Samsung Galaxy S26 Ultra kembali menjadi sorotan setelah peluncurannya. Meskipun hadir dengan fitur display inovatif seperti Privacy display, perangkat ini masih belum menawarkan peningkatan mendasar yang sudah lama ditunggu pasar.

Fakta ini membuat banyak pengguna premium bertanya-tanya. Pasalnya, hampir semua flagship Android lainnya telah mengadopsi panel OLED 10-bit, sementara Samsung tetap setia dengan panel 8-bit pada seri Galaxy unggulannya.

Perbedaan Panel 8-bit dan 10-bit pada Smartphone Flagship

Panel OLED 10-bit mampu menampilkan 1,07 miliar warna dengan gradasi yang sangat halus. Banding, atau garis warna yang tampak kasar saat transisi warna di layar, dapat diminimalkan pada panel jenis ini. Sementara panel OLED 8-bit hanya dapat menampilkan 16,7 juta warna. Perbedaan ini utamanya terlihat saat menampilkan konten HDR, pemandangan langit cerah, atau saat menonton film dengan efek sinematik.

Samsung dalam beberapa event peluncuran sempat menyebut penggunaan panel OLED 10-bit pada Galaxy S26 Ultra. Namun dalam klarifikasi resmi, perusahaan mengonfirmasi perangkat ini tetap menggunakan panel 8-bit, sama seperti seri Ultra sebelumnya.

Dampak pada Pengalaman Menonton dan Konsumsi Konten

Layar dengan panel 8-bit cenderung memperlihatkan banding yang kasat mata saat menampilkan gradasi warna. Adegan seperti langit cerah yang perlahan memudar warnanya atau gambar low-light pada konten video bisa sedikit mengganggu estetika. Layar HP flagship lain yang sudah mengadopsi panel 10-bit mampu memberikan transisi warna yang lebih alami. Hal ini penting bagi penikmat streaming film di Netflix, YouTube, atau platform lain yang sudah mendukung HDR secara penuh.

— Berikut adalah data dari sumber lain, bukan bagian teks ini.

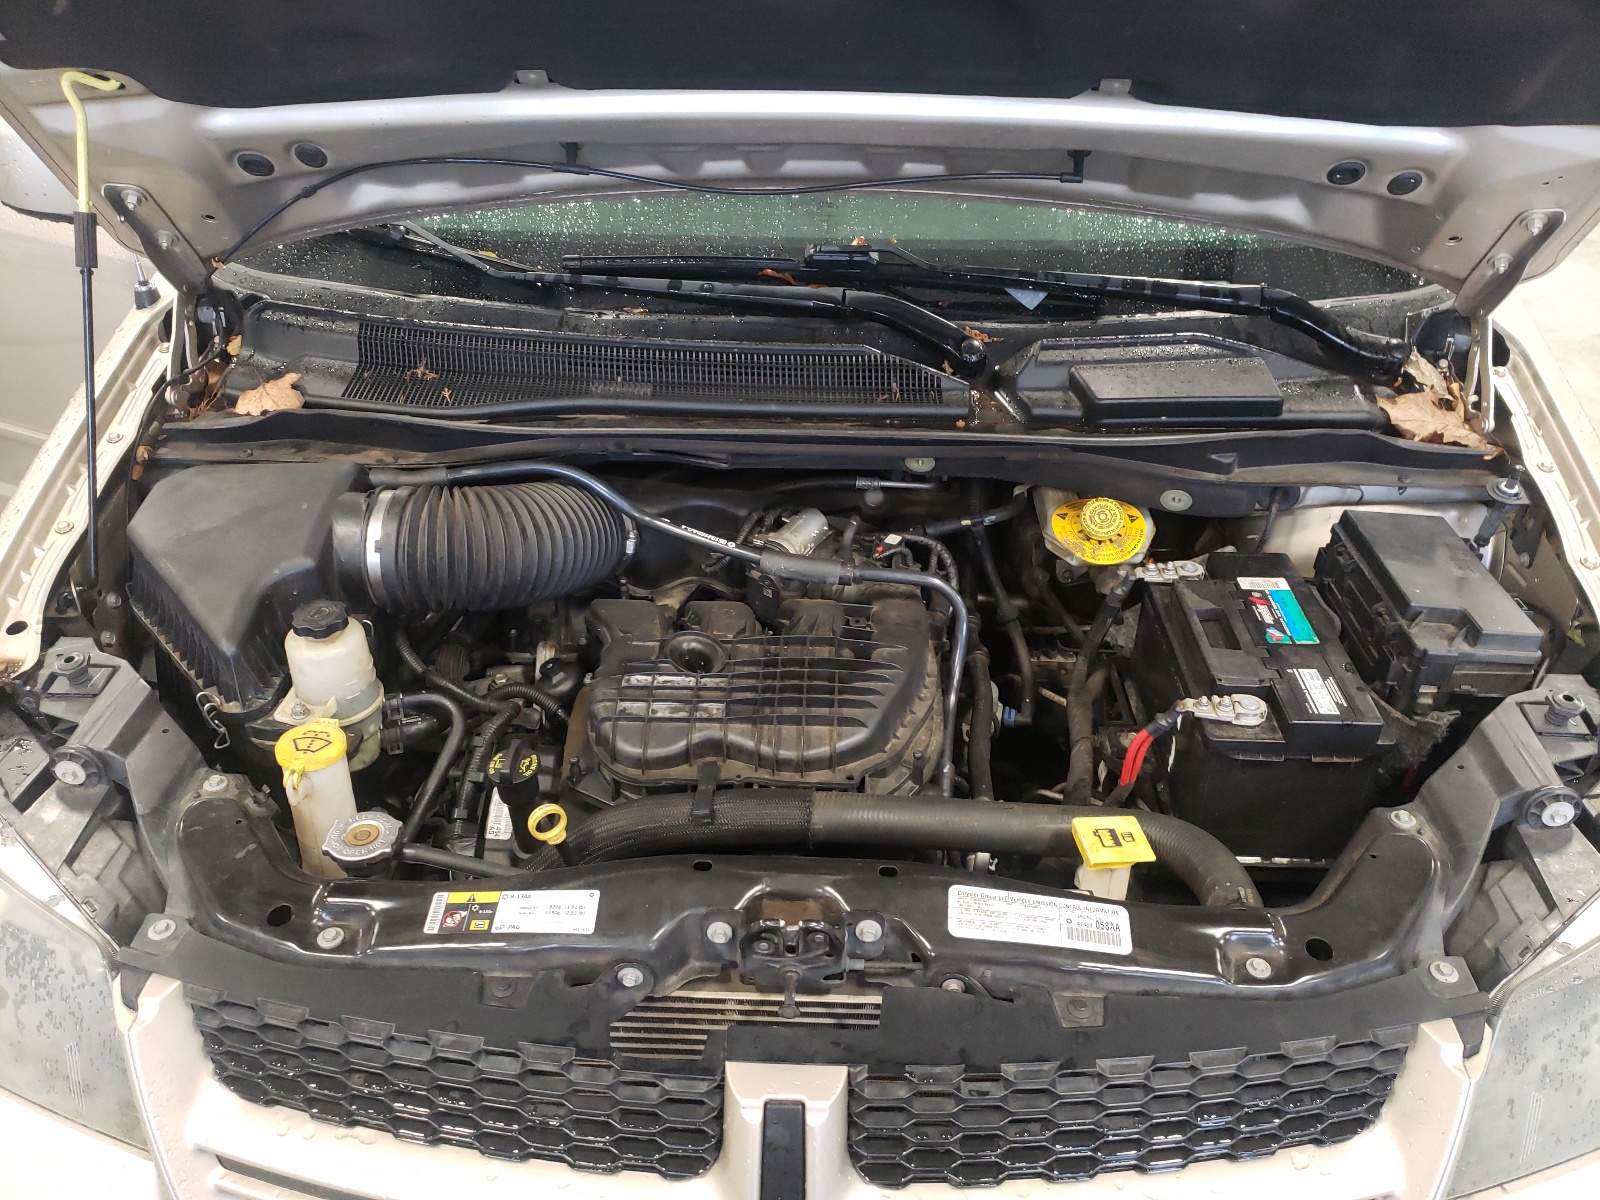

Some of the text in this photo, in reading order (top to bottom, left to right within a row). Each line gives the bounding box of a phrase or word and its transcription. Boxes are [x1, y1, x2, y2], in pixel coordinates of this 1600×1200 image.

[1010, 897, 1031, 905] VEHICLE
[1032, 900, 1058, 908] EMISSION
[1059, 903, 1082, 911] CONTROL
[1083, 906, 1119, 915] INFORMATION

Samsung memang menggunakan teknologi frame rate control (FRC) pada panel 8-bit milik Galaxy S26 Ultra. FRC pada dasarnya mencoba mensimulasikan tampilan 1 miliar warna dengan menciptakan ilusi warna tambahan. Namun, simulasi tersebut belum sebanding kualitas panel 10-bit asli, terutama pada konten dengan kebutuhan gradasi warna tinggi.

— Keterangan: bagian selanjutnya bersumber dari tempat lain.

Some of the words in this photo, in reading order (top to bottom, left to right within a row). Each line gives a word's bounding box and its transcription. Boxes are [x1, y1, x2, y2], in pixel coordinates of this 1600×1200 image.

Strategi Samsung dan Respon Pasar

Pertanyaan besar pun muncul di kalangan pengamat teknologi. Seperti yang diungkapkan oleh SamMobile, Samsung tetap menjadi satu-satunya produsen yang mempertahankan layar 8-bit pada lini flagship, sementara pesaing mengedepankan teknologi layar lebih unggul. Secara teori, perbedaan jumlah warna tak selalu tampak signifikan pada pemakaian harian. Akan tetapi, pada penggunaan spesifik atau kebutuhan visual tinggi, keunggulan layar 10-bit terasa jauh lebih nyata.

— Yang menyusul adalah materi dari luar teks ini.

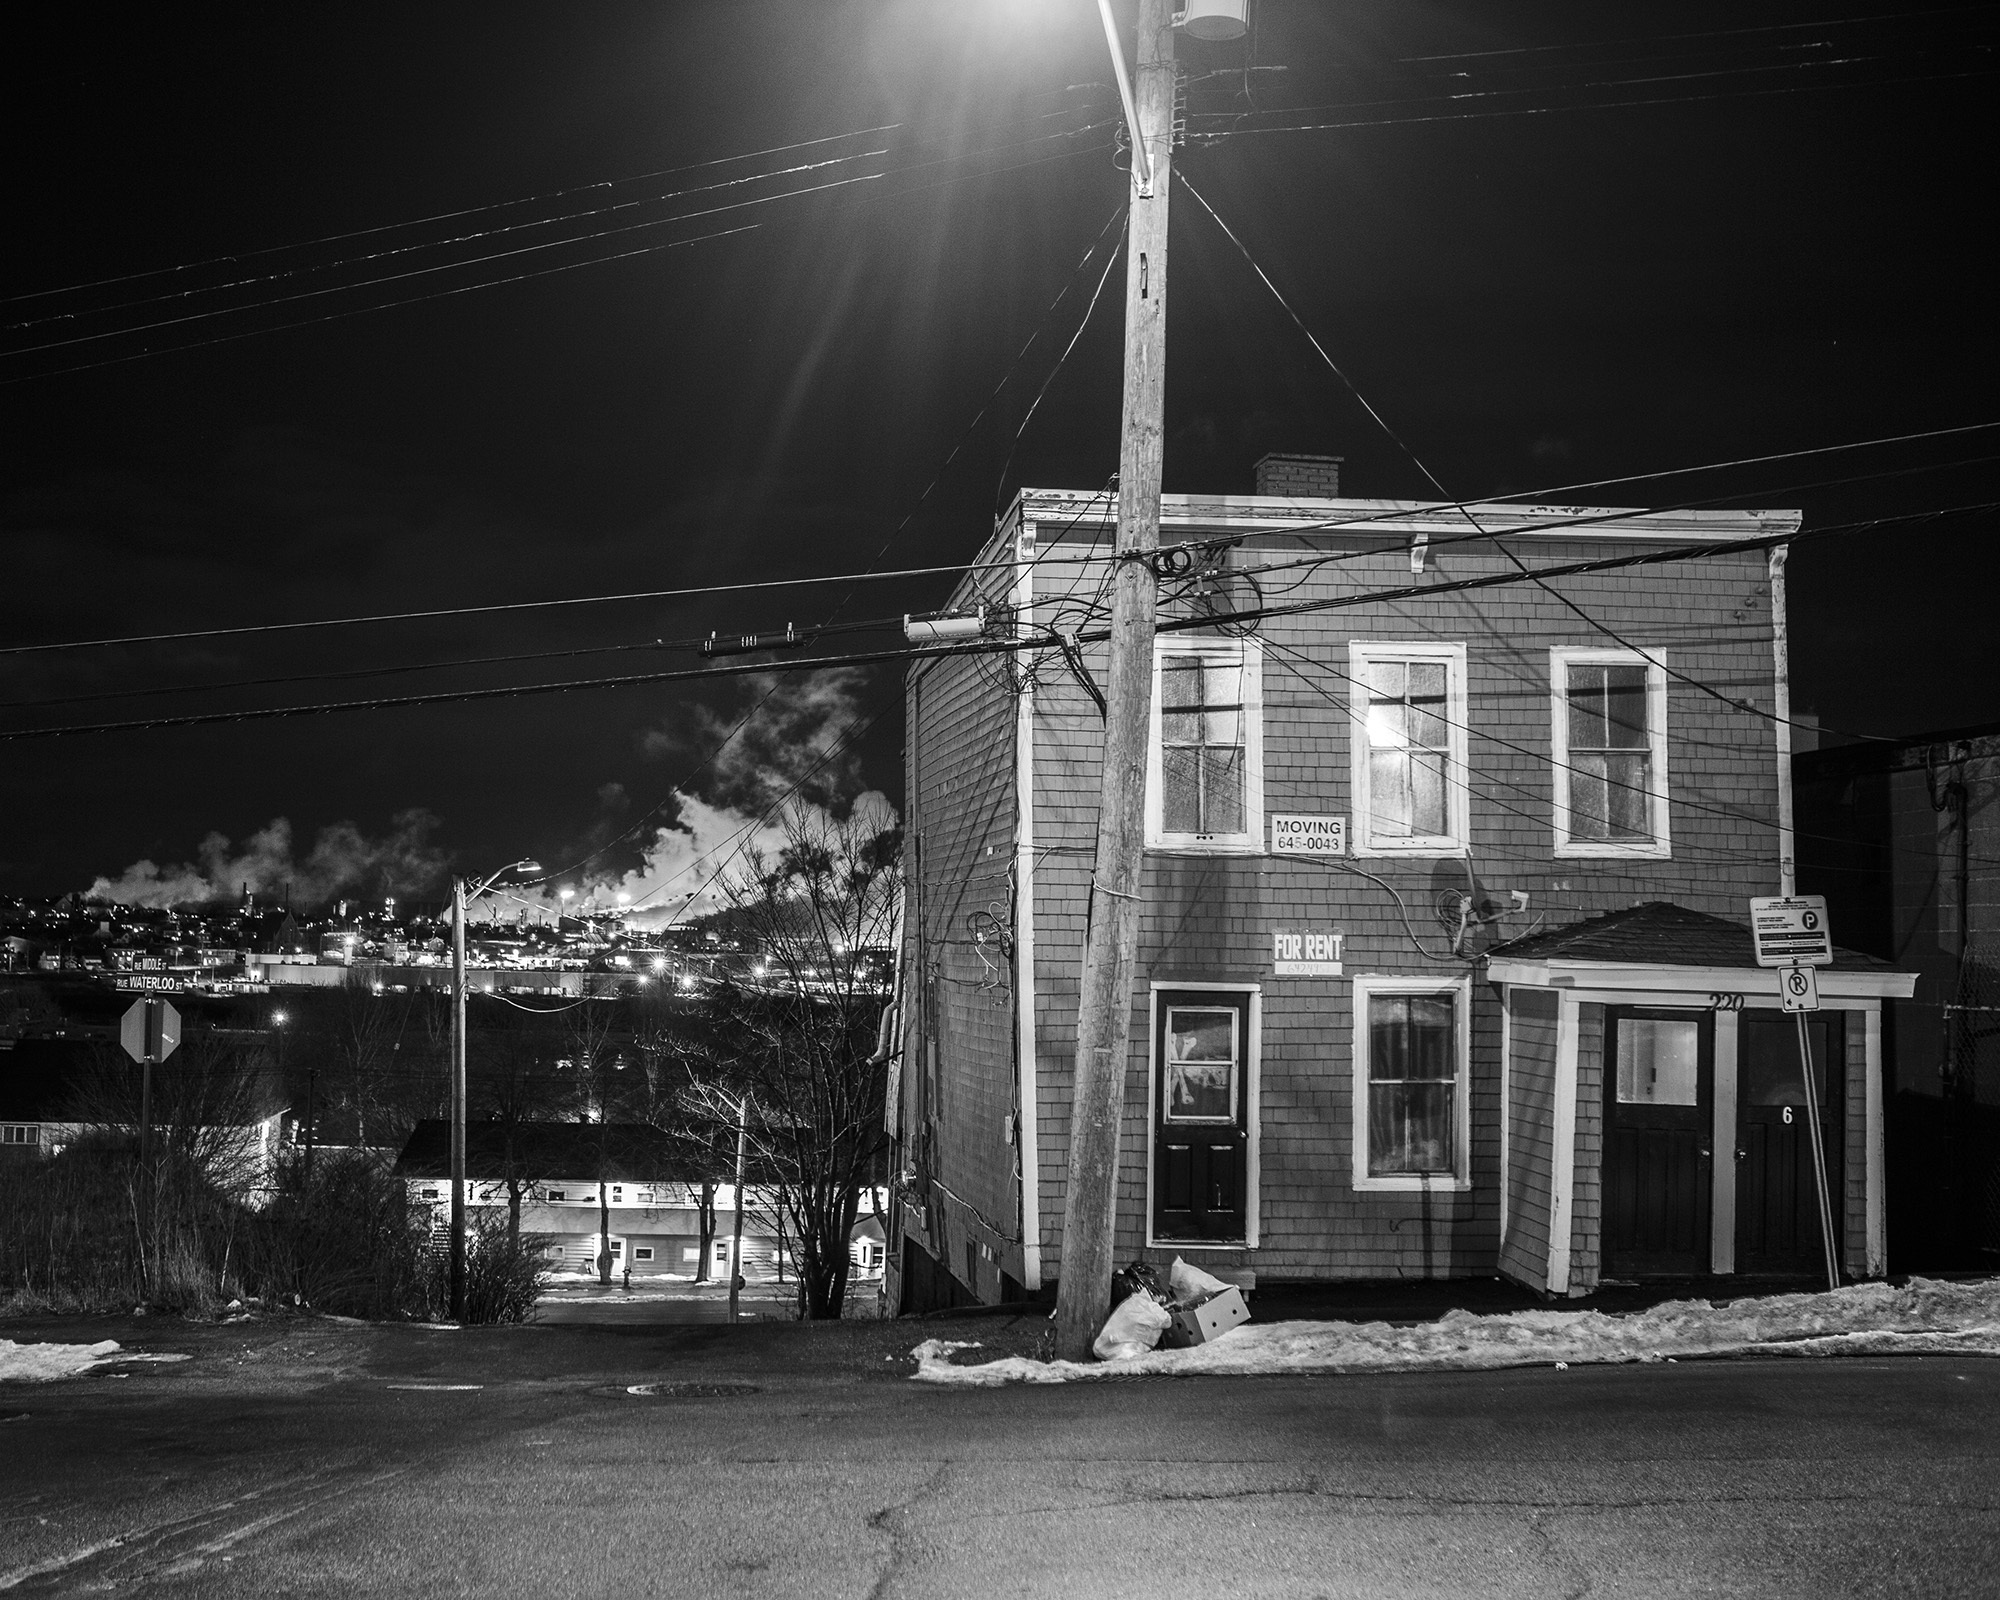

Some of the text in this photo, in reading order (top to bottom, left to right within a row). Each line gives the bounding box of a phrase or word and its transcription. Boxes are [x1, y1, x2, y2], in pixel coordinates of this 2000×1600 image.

[1276, 820, 1342, 835] MOVING
[1278, 836, 1340, 851] 645-0043
[1274, 934, 1342, 960] FOR RENT
[142, 958, 161, 970] MIDDLE
[116, 976, 183, 991] RUE WATERLOO ST
[1709, 992, 1745, 1012] 220
[1782, 1106, 1793, 1124] 6

Samsung memang dikenal sebagai pelopor inovasi panel display di industri, sehingga keputusan untuk tetap mempertahankan panel 8-bit di ponsel flagship menjadi hal yang membingungkan banyak pihak.

Beragam spekulasi muncul di balik strategi tersebut. Ada dugaan harga produksi, efisiensi daya, dan upaya diferensiasi fitur menjadi pertimbangan utama Samsung. Hingga saat ini, hanya pihak internal Samsung yang tahu secara pasti alasan di balik kebijakan ini.

Tabel Perbandingan Panel Display

Panel Display Jumlah Warna Risiko Banding Kualitas HDR
OLED 8-bit 16,7 juta Cenderung ada Standar
OLED 10-bit 1,07 miliar Hampir hilang Lebih baik
8-bit + FRC Simulasi 1 miliar Masih mungkin Lebih baik dari 8-bit standar

Dengan kondisi seperti ini, pengguna yang sangat memprioritaskan tampilan visual kemungkinan akan merasa kurang puas dengan keputusan Samsung. Meski panel 8-bit Samsung Ultra tetap memukau dalam penggunaan sehari-hari, sejumlah keunggulan visual dari layar 10-bit pada flagship lain tetap tidak dapat diabaikan.

Ke depan, banyak pihak berharap Samsung akan segera menghadirkan layar dengan teknologi terbaru untuk menjaga reputasi mereka sebagai raja display di industri smartphone global.